In 1867, when Karl Marx published volume 1 of Capital, half a century had passed since the publication of Ricardo’s Principles, 91 years since Adam Smith’s Wealth of Nations had appeared. The discipline of Political Economy had flourished for a century or more. Countless books had appeared contributing to this intellectual discipline. Some, like Ricardo’s Principles, were spare, elegantly written, academic treatises. A few, like Smith’s Wealth of Nations, were gracefully written, with lovely turns of phrase and witty metaphors. But Marx’s Capital was absolutely unlike anything that had ever been written about economic affairs and, I dare to say, was absolutely unlike anything that would ever be written again about society or economy. The first six or seven chapters, in particular, are utterly mysterious and seem to have more in common with the writings of Jonathan Swift or Charles Dickens. Marx ranged widely over the entire 2000 year history of Western literature. His text was filled with odd metaphors, mysterious turns of phrase, and puzzling passages.

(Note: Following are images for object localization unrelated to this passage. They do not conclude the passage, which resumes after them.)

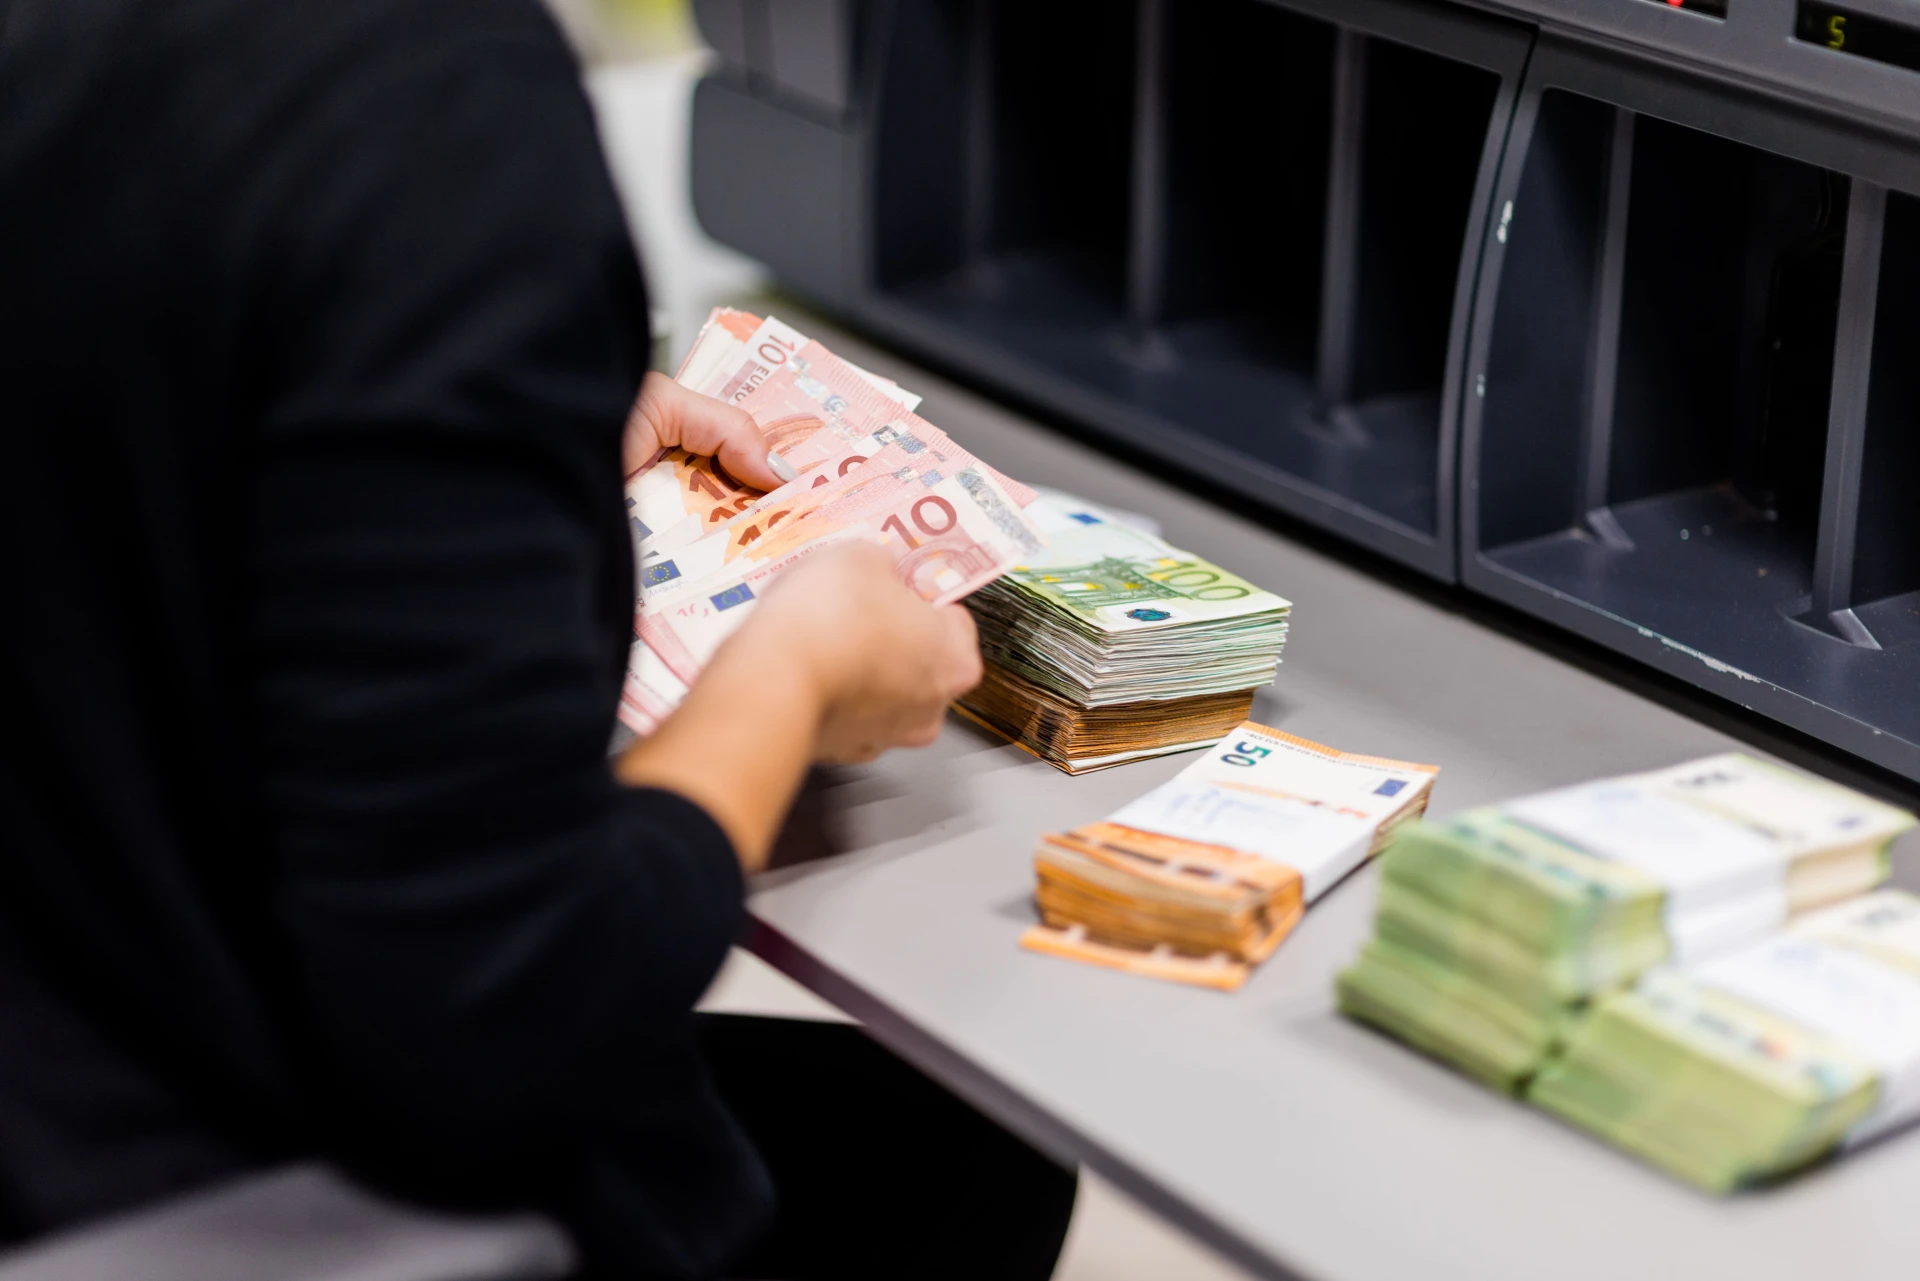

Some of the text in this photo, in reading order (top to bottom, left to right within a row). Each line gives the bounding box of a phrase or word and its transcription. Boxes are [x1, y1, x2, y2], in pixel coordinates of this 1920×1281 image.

[1828, 15, 1847, 49] 5
[758, 334, 796, 365] 10
[880, 495, 958, 551] 10
[1220, 741, 1273, 767] 50
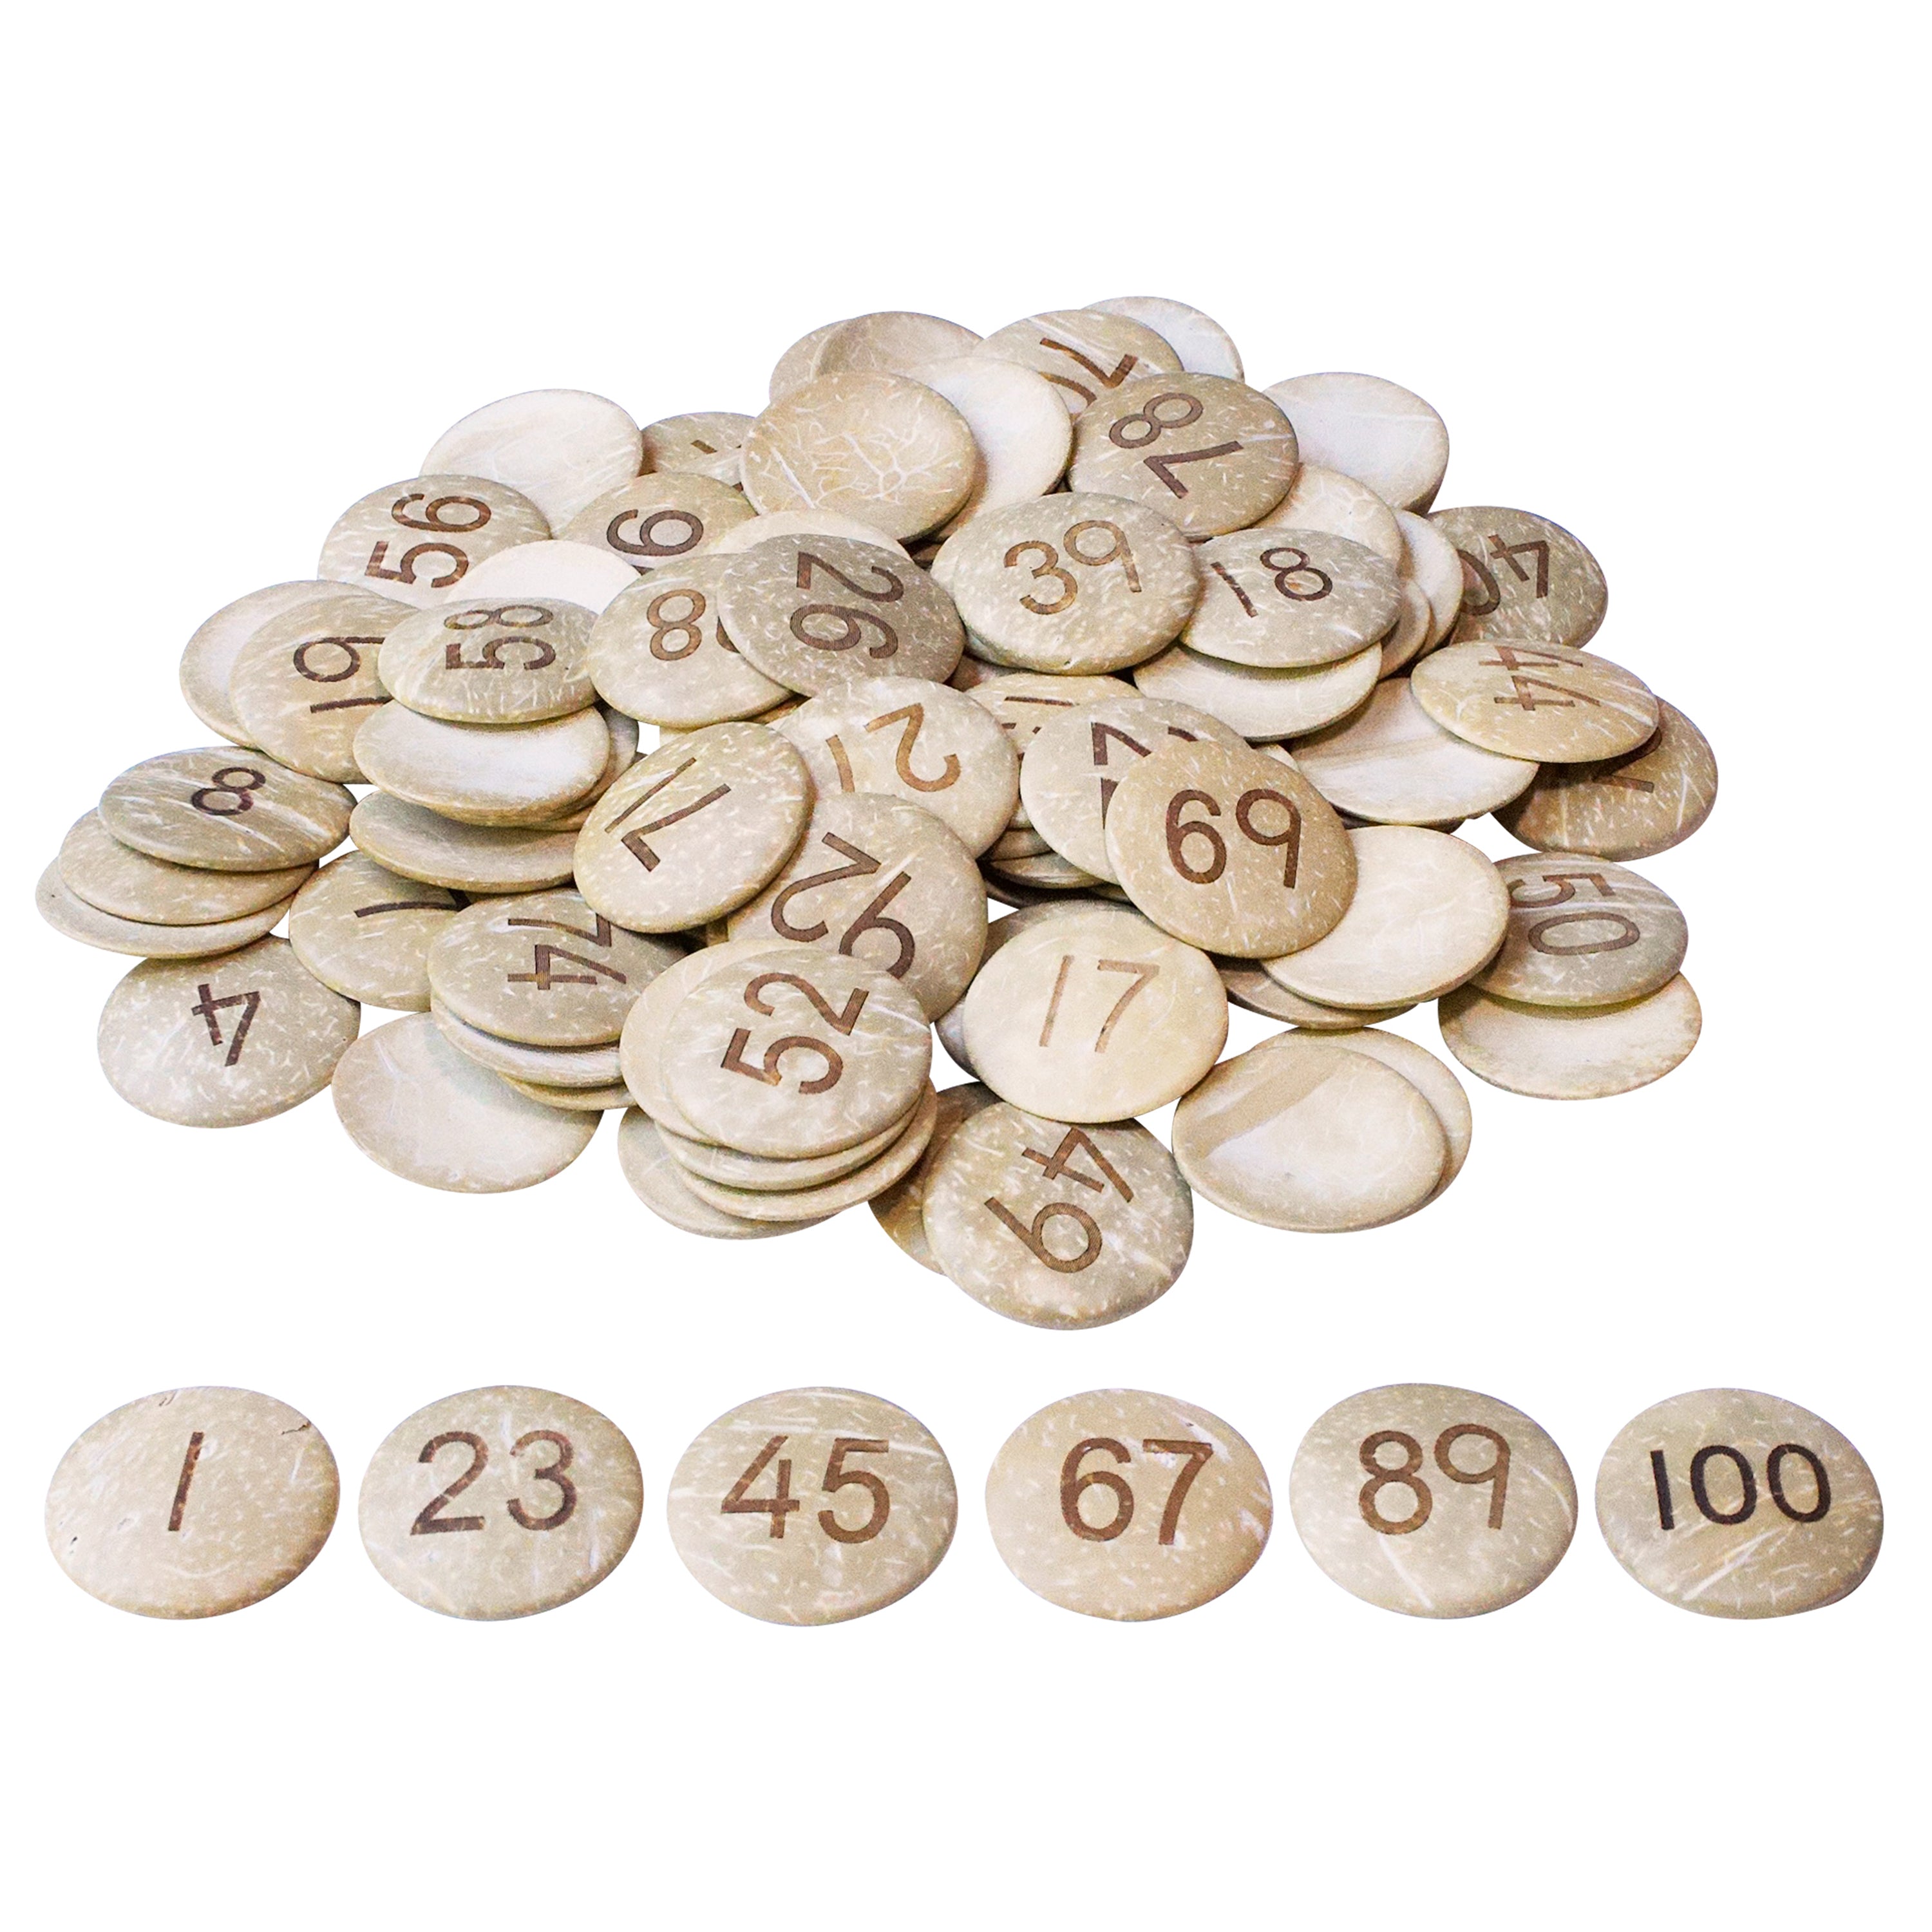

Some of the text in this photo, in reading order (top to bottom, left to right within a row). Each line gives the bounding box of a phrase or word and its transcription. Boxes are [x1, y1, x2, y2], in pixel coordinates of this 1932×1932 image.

Consider simply one example among many, chosen from the
fourth section of chapter 1, which by the way, bears the mysterious title “the
fetishism of commodities and the secret thereof.” Marx writes, “when I state
that coats or boots stand in relation to linen, because it is the universal
incarnation of abstract human labor, the absurdity of the statement is
self-evident.” The German original of
the last phrase is “so springt die Verrücktheit dieses Ausdrucks ins Auge.” No doubt “absurdity” was a fine translation
in the 19th century, but in the 20th century,
sophisticated literary critics gave “absurdity” a good name – Theater
of the Absurd and the like. A more accurate translation of “Verrückt” would be “nutty,”
“crazy,” or “crackbrained.” The text
poses so many problems for even the sophisticated reader that that most raffiné of French Marxists, Louis
Althusser, actually suggested at one point that students skip the first
chapter, read the rest of the book, and then return to the beginning only after
they had mastered the rest.
What in heaven’s name was going on? Marx had read everything
that had been written about Political Economy in all of the modern European
languages. He had labored for years on
the manuscript of his great work, tinkering with it so compulsively that his
lifetime colleague and correspondent, Friedrich Engels, actually at one point
started making bets with him about when he would finally publish it, offering
to give him a dozen of bottles of wine if he would only bring the book to completion.
Why could Marx not write about political economy as all of his predecessors had?
One theory is what I like to think of as the childhood polio
explanation. According to this hypothesis, when Marx was a university student,
a particularly virulent strain of Hegelism was raging pandemically in Germany’s
university communities. Marx, on this view, contracted a nearly fatal case of
it, and although he survived he was permanently intellectually crippled. As a
consequence, he could barely drag himself from the premises to the conclusion
of a syllogism and it was simply thoughtless and unkind to expect him to move
about in the realm of ideas like Michael Jackson moonwalking across the stage
or Fred Astaire tip tapping up a flight of stairs. The English had a simpler version of this
explanation: Marx was German and therefore could not be expected to write
simply and clearly like an Englishman.
Fortunately for us, we have indisputable textual evidence
that these explanations are wrong. In 1864, The International Working Men’s
Association (referred to sometimes as the First International) was formed and
Marx was elected to the Governing Council. The next year, a British workingman
named John Weston delivered a speech to the Council in which he argued, basing
himself on the theories of Ricardo, that there was no point in workers striking
for higher wages because the result would simply be that the food and clothing
they purchased would rise in price to absorb what they had gained from the
strike. Marx decided to respond to Weston, and being Marx wrote a response so
long that it took two meetings of the Council for him to deliver it.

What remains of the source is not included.